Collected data
╔══

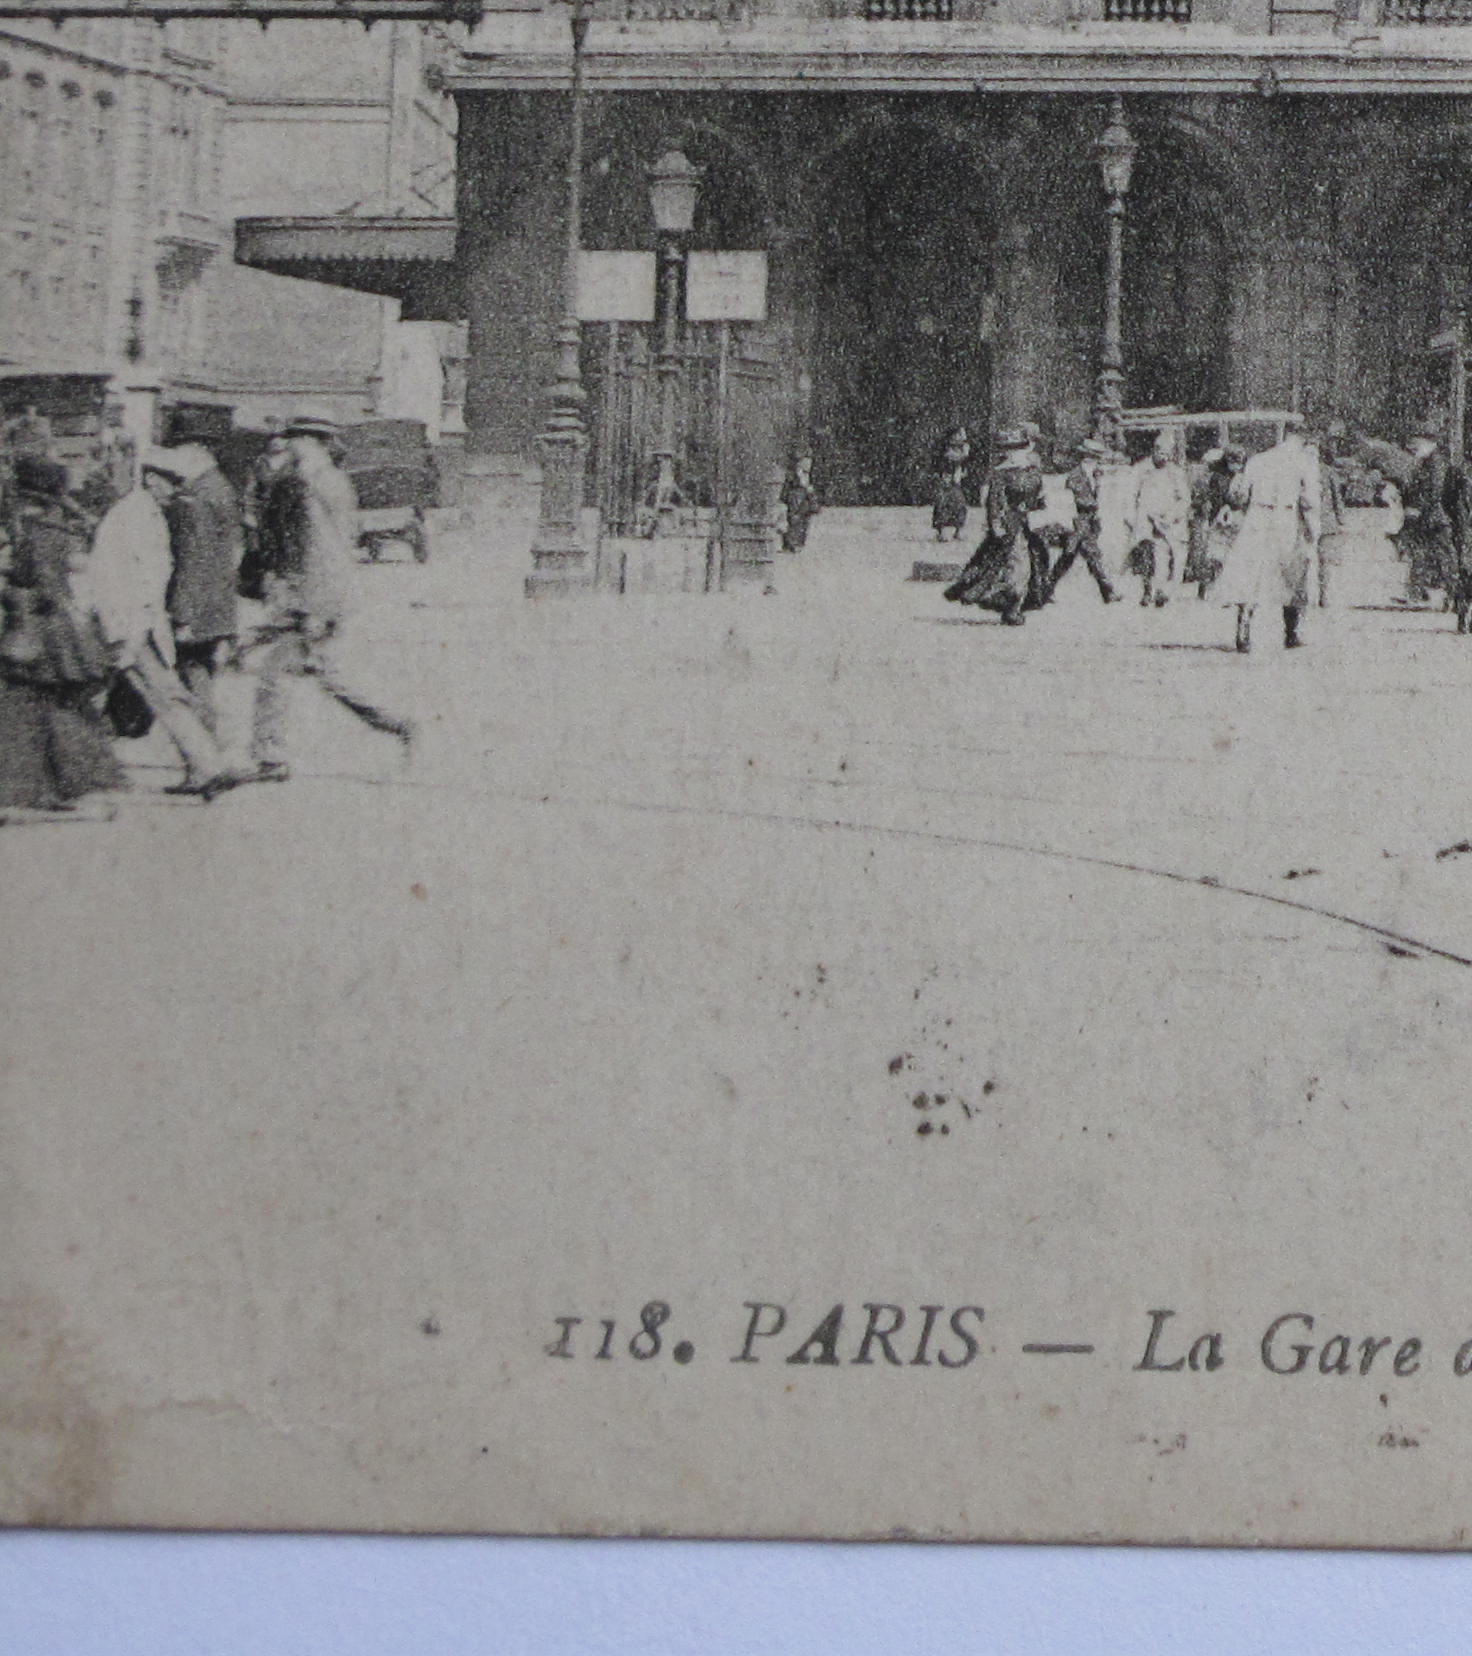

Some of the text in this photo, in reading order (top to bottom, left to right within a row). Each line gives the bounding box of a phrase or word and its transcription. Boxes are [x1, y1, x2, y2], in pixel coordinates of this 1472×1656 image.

[542, 1299, 696, 1366] 118.
[729, 1301, 987, 1369] PARIS
[1131, 1308, 1225, 1373] La
[1259, 1311, 1424, 1377] Gare
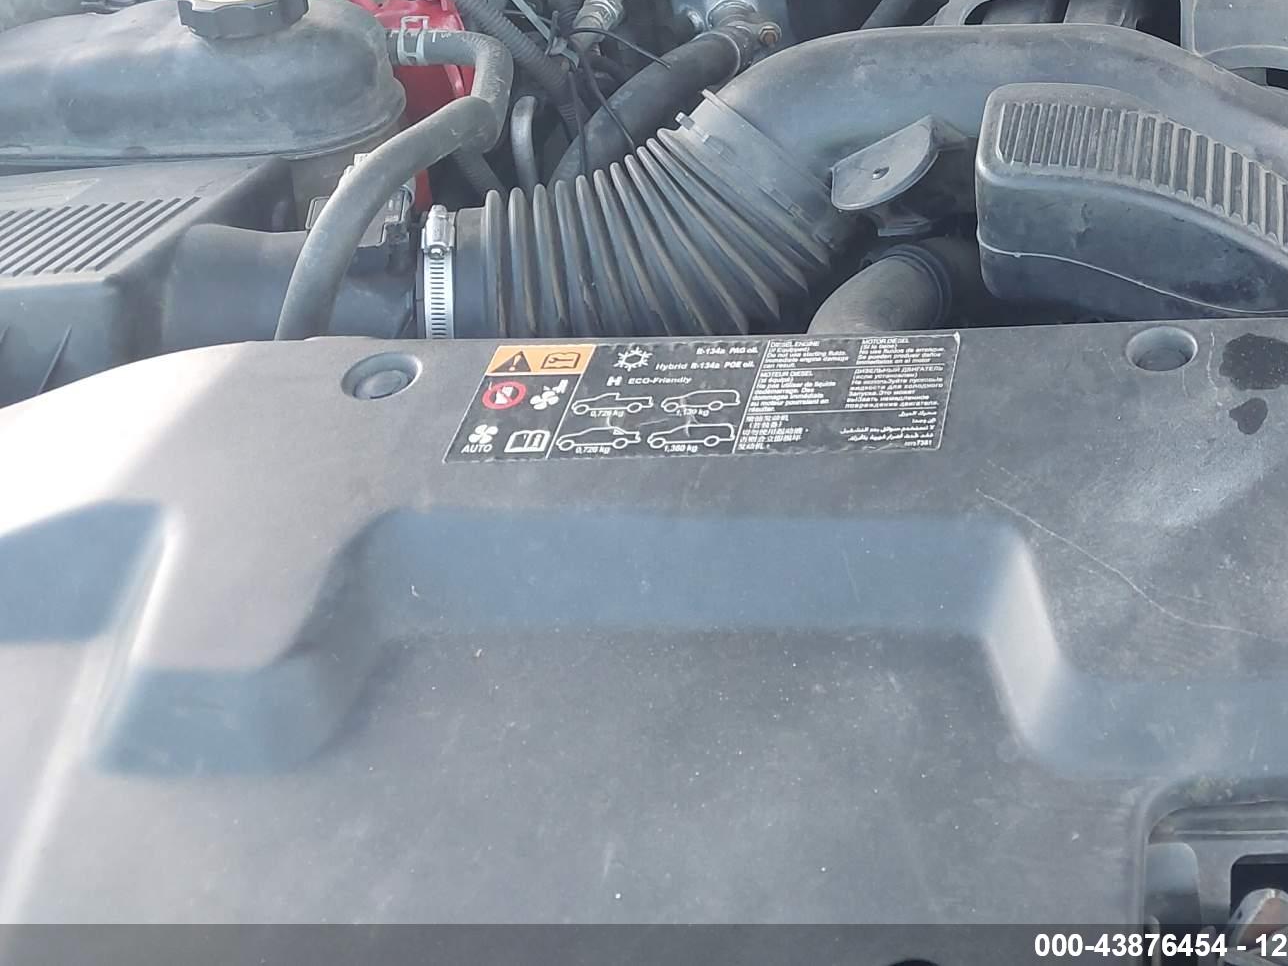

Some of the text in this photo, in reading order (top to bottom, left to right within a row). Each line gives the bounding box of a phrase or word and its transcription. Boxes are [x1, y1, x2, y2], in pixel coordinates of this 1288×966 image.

[655, 362, 688, 371] Hybrid
[691, 362, 721, 370] R-134a
[723, 361, 741, 369] POE
[628, 376, 692, 386] ECO-Friendly
[461, 443, 493, 454] AUTO
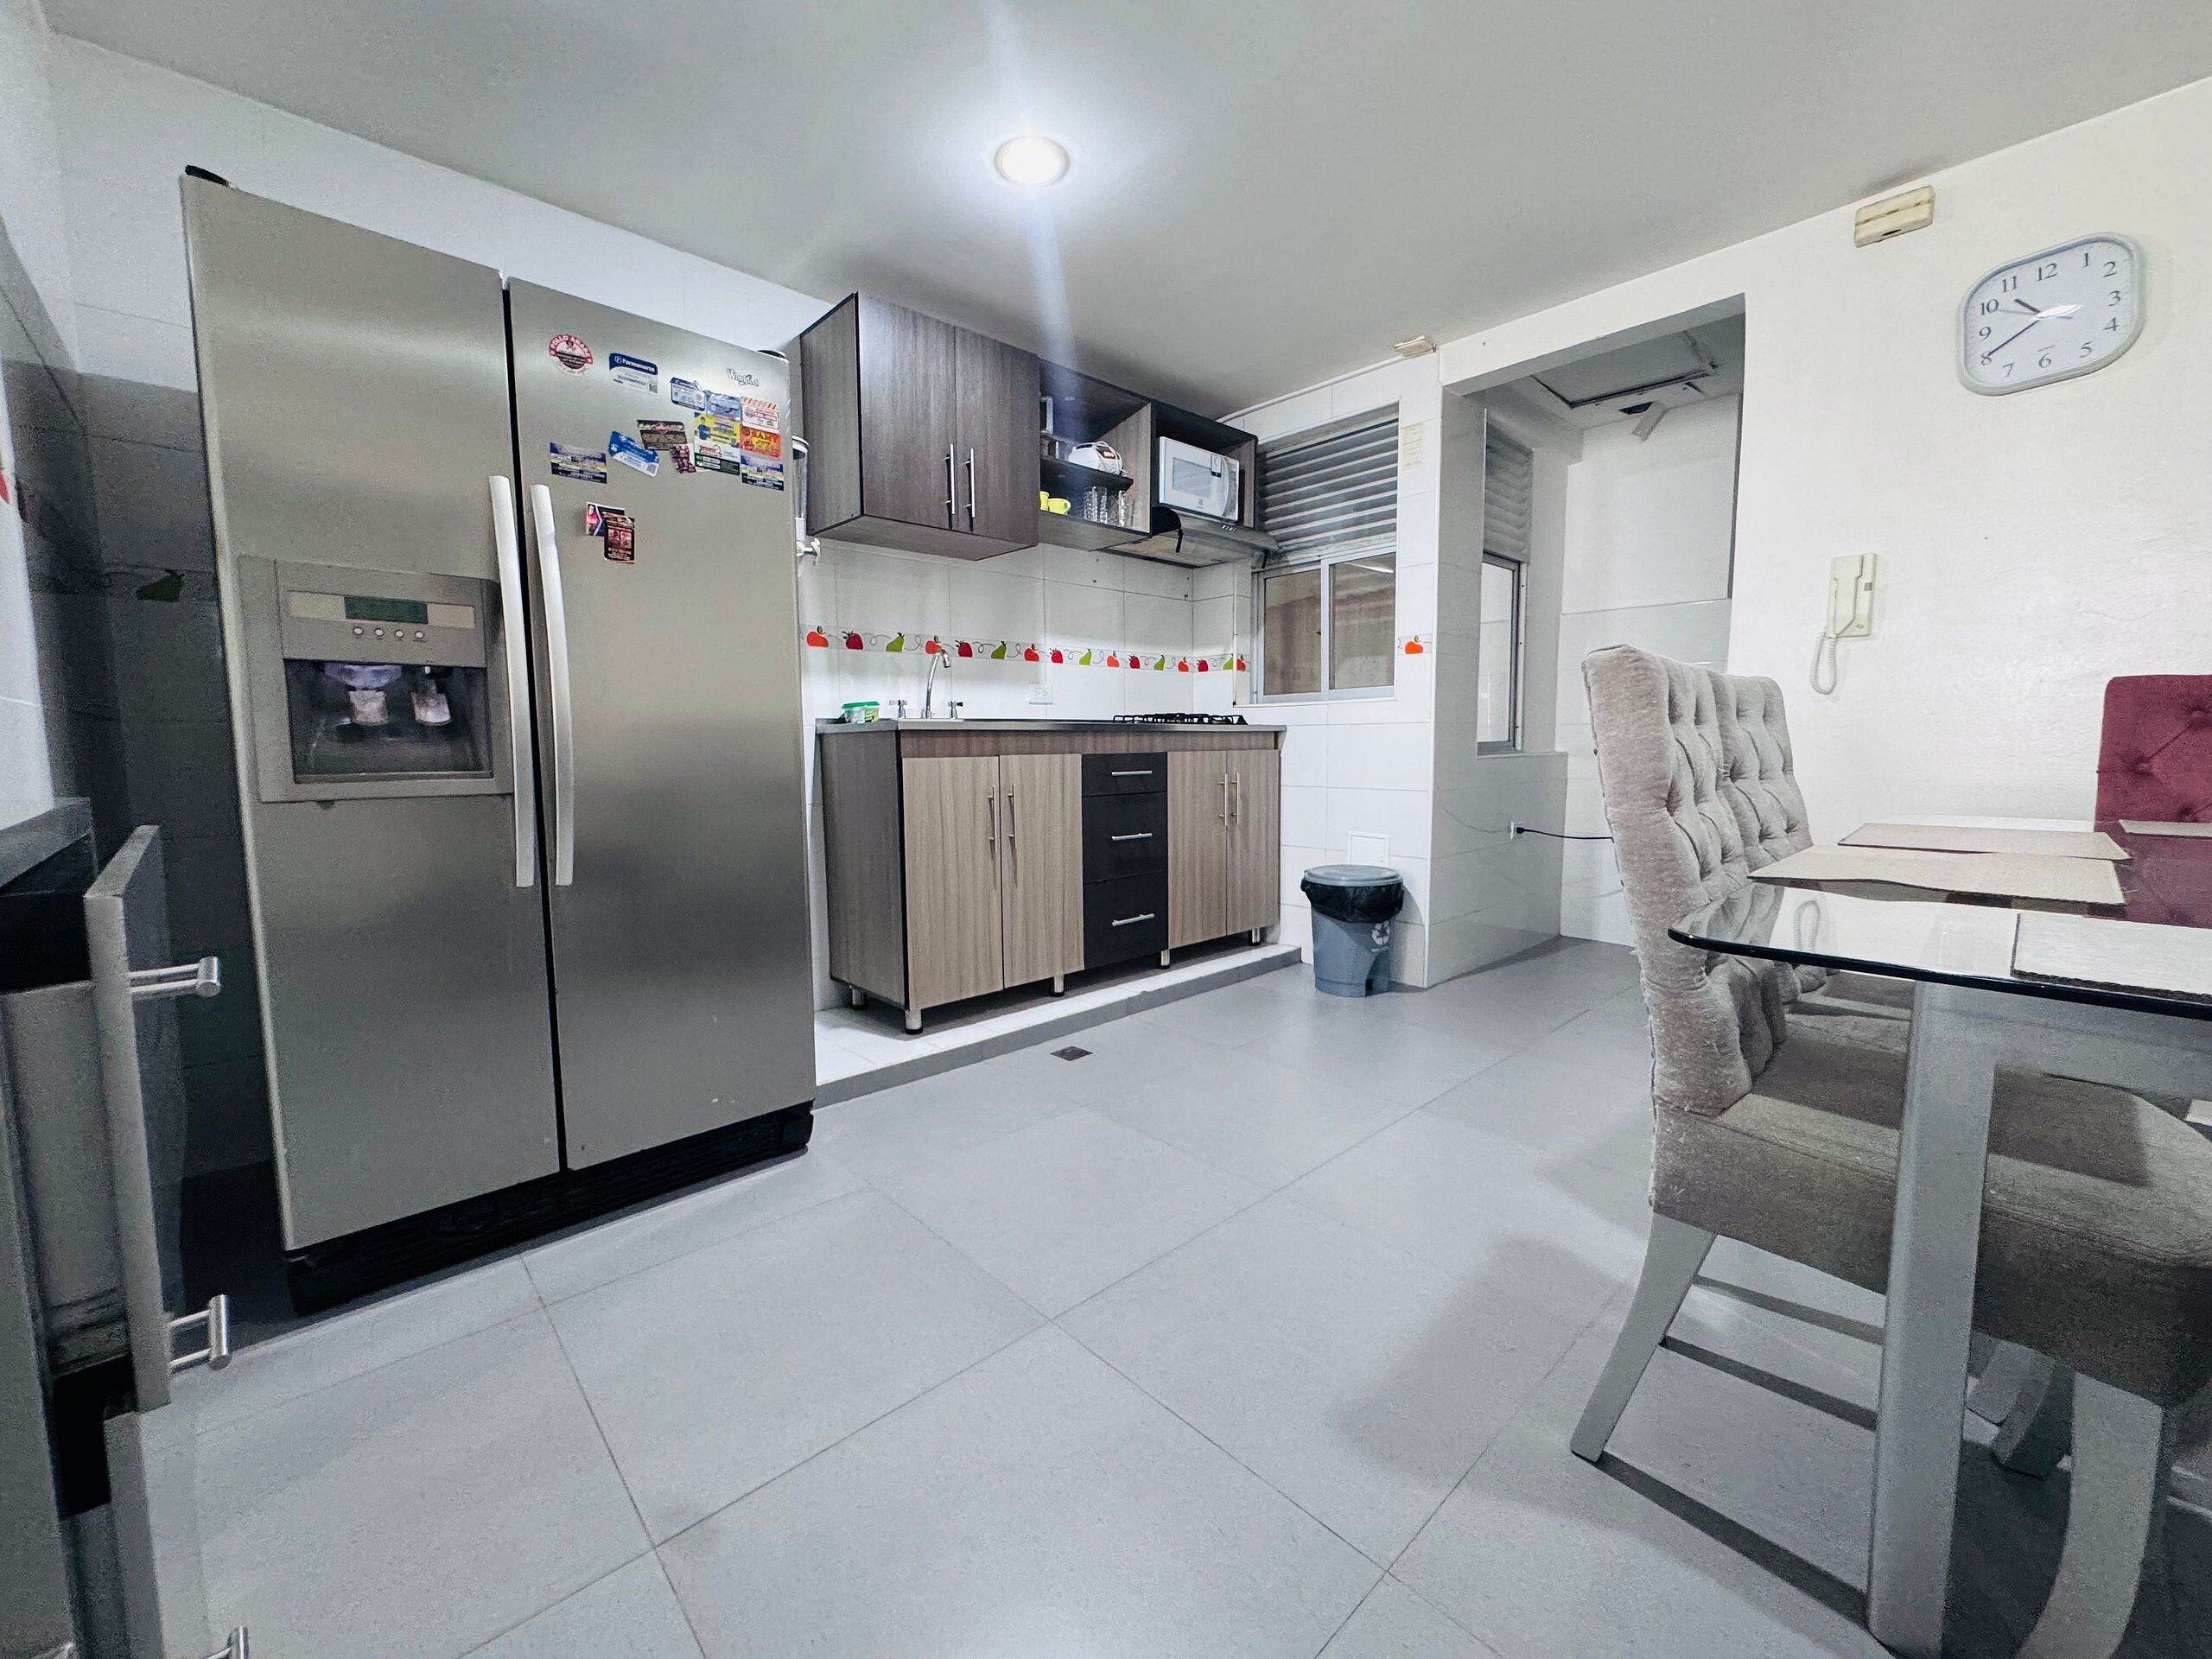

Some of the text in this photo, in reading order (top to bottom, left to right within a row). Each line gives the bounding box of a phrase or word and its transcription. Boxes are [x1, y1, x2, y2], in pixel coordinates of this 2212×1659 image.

╚══

### Brief
Please repeat each line above exactly as it appears, but omit the pictures.

### Written solution
Some of the text in this photo, in reading order (top to bottom, left to right within a row). Each line gives the bounding box of a phrase or word and its transcription. Boxes are [x1, y1, x2, y2], in pixel coordinates of this 1472×1656 image.

[542, 1299, 696, 1366] 118.
[729, 1301, 987, 1369] PARIS
[1131, 1308, 1225, 1373] La
[1259, 1311, 1424, 1377] Gare

Some of the text in this photo, in reading order (top to bottom, left to right within a row). Each line gives the bounding box of a phrase or word and its transcription. Boxes are [x1, y1, x2, y2], in pixel coordinates of this 1288×966 image.

[655, 362, 688, 371] Hybrid
[691, 362, 721, 370] R-134a
[723, 361, 741, 369] POE
[628, 376, 692, 386] ECO-Friendly
[461, 443, 493, 454] AUTO

Some of the text in this photo, in reading order (top to bottom, left to right within a row). Each line gives the bounding box of a phrase or word and its transcription. Boxes are [x1, y1, x2, y2], in pixel coordinates of this 2212×1659 image.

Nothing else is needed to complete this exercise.